→ **PROMPT**
From the line containing "this 1249×1875 image." to the end of the entries, return every line exactly, both ends included, and add nothing.
Top of DATASET ENTRIES
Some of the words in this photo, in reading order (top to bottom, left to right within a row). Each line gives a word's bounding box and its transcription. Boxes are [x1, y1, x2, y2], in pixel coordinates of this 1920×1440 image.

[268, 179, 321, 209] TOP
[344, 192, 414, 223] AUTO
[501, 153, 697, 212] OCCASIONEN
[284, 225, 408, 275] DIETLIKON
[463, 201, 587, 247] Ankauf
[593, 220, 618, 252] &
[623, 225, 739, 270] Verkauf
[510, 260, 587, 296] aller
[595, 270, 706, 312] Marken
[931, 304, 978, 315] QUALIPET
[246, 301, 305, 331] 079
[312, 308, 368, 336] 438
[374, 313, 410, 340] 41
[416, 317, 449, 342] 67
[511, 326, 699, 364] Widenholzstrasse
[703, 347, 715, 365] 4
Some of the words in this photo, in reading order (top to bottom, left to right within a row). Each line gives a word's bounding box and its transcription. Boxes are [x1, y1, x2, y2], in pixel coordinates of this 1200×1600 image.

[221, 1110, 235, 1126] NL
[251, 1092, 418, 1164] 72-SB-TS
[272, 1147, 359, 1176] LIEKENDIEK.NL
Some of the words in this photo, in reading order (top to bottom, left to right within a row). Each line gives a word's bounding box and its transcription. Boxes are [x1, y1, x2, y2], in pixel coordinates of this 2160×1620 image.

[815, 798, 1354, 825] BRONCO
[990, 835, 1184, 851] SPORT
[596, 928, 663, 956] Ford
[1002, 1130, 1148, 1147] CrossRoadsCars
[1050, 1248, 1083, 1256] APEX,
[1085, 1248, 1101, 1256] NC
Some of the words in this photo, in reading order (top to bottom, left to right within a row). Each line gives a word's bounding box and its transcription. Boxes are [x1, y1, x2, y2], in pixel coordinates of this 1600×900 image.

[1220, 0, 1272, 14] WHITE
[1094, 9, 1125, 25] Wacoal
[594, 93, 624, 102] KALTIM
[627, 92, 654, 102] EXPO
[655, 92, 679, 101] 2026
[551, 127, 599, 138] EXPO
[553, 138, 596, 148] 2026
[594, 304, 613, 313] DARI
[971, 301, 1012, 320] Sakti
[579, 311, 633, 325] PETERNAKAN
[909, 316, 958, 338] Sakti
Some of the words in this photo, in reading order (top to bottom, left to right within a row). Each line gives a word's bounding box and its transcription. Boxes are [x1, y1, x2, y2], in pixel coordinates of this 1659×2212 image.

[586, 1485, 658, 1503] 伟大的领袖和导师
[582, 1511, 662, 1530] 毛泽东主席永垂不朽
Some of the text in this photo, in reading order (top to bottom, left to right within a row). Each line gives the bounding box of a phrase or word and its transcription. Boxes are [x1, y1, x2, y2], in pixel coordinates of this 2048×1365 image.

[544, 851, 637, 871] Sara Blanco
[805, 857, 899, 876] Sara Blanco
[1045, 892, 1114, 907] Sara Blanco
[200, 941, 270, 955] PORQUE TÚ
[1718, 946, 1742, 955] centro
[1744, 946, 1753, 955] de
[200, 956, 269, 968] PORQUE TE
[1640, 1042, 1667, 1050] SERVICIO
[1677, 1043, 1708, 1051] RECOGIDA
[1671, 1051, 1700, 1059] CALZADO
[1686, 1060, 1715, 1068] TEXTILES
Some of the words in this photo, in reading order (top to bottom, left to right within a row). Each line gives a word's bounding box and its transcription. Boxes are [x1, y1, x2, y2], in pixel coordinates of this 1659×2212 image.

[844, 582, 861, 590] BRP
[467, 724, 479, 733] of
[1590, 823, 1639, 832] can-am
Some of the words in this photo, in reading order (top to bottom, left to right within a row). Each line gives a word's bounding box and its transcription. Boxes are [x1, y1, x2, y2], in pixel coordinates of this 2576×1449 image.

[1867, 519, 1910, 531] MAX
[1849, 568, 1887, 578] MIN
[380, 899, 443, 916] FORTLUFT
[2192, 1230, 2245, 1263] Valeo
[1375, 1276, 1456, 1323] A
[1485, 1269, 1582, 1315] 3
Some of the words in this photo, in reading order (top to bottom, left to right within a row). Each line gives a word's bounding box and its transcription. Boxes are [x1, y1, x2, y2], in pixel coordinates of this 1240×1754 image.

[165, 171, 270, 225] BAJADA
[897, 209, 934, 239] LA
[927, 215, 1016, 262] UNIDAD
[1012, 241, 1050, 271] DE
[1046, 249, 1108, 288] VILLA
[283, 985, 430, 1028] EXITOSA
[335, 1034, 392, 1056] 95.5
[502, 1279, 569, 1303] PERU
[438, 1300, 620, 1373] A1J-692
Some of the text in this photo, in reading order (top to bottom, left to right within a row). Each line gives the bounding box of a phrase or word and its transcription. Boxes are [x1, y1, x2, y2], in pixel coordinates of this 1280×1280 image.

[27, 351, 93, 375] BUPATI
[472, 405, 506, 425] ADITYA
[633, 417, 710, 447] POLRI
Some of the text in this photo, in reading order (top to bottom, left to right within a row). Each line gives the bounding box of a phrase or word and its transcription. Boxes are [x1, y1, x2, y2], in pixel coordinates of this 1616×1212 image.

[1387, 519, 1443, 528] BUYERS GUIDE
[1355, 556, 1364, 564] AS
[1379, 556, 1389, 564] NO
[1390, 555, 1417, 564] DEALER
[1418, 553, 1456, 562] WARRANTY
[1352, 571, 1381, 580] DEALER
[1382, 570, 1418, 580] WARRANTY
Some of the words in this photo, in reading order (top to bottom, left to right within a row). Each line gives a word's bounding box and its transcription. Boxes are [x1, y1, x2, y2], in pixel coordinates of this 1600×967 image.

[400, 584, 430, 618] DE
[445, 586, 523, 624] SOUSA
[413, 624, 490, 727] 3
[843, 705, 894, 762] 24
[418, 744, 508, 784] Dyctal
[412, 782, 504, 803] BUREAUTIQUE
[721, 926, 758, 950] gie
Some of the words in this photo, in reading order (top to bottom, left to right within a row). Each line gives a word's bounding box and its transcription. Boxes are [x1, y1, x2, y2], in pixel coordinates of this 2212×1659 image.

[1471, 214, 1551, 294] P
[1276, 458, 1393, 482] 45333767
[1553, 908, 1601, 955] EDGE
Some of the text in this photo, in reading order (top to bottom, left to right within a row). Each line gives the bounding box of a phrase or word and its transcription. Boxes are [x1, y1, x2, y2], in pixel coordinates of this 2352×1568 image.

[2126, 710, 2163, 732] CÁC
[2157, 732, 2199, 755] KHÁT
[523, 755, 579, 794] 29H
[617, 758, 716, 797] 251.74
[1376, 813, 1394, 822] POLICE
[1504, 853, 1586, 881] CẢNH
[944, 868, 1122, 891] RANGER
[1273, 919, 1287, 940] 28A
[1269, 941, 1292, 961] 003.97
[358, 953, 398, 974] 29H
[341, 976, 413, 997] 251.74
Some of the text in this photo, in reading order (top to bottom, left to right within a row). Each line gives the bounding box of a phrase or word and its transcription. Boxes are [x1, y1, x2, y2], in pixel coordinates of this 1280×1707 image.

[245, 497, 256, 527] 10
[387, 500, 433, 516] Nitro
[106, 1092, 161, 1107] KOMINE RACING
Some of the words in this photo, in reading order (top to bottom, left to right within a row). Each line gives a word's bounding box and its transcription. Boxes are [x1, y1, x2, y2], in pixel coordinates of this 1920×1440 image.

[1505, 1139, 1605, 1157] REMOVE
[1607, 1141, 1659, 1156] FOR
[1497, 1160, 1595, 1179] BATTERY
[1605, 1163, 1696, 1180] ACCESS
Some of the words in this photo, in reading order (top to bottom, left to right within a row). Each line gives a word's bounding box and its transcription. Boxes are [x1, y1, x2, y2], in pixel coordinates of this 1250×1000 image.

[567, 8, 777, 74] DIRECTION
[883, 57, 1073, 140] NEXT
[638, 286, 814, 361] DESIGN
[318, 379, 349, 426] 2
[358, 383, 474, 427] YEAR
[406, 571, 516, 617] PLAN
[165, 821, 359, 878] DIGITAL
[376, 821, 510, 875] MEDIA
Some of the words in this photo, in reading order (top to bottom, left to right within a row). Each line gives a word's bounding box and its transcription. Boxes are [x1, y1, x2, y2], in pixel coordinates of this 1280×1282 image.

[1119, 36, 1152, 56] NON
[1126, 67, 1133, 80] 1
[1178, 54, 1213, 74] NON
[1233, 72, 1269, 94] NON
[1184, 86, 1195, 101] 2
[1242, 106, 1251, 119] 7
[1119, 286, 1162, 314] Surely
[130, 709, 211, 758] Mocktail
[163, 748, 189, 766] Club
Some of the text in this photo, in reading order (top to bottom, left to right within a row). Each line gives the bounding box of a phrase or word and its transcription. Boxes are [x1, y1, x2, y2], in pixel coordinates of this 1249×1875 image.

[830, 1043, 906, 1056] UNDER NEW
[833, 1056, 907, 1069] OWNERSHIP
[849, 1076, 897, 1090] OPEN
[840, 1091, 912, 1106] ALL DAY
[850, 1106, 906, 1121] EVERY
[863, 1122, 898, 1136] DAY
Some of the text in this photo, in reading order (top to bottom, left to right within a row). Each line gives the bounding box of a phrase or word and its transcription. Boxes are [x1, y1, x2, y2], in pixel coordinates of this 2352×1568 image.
Bottom of DATASET ENTRIES
→ **TASK ANSWER**
Some of the text in this photo, in reading order (top to bottom, left to right within a row). Each line gives the bounding box of a phrase or word and its transcription. Boxes are [x1, y1, x2, y2], in pixel coordinates of this 1249×1875 image.

[830, 1043, 906, 1056] UNDER NEW
[833, 1056, 907, 1069] OWNERSHIP
[849, 1076, 897, 1090] OPEN
[840, 1091, 912, 1106] ALL DAY
[850, 1106, 906, 1121] EVERY
[863, 1122, 898, 1136] DAY
Some of the text in this photo, in reading order (top to bottom, left to right within a row). Each line gives the bounding box of a phrase or word and its transcription. Boxes are [x1, y1, x2, y2], in pixel coordinates of this 2352×1568 image.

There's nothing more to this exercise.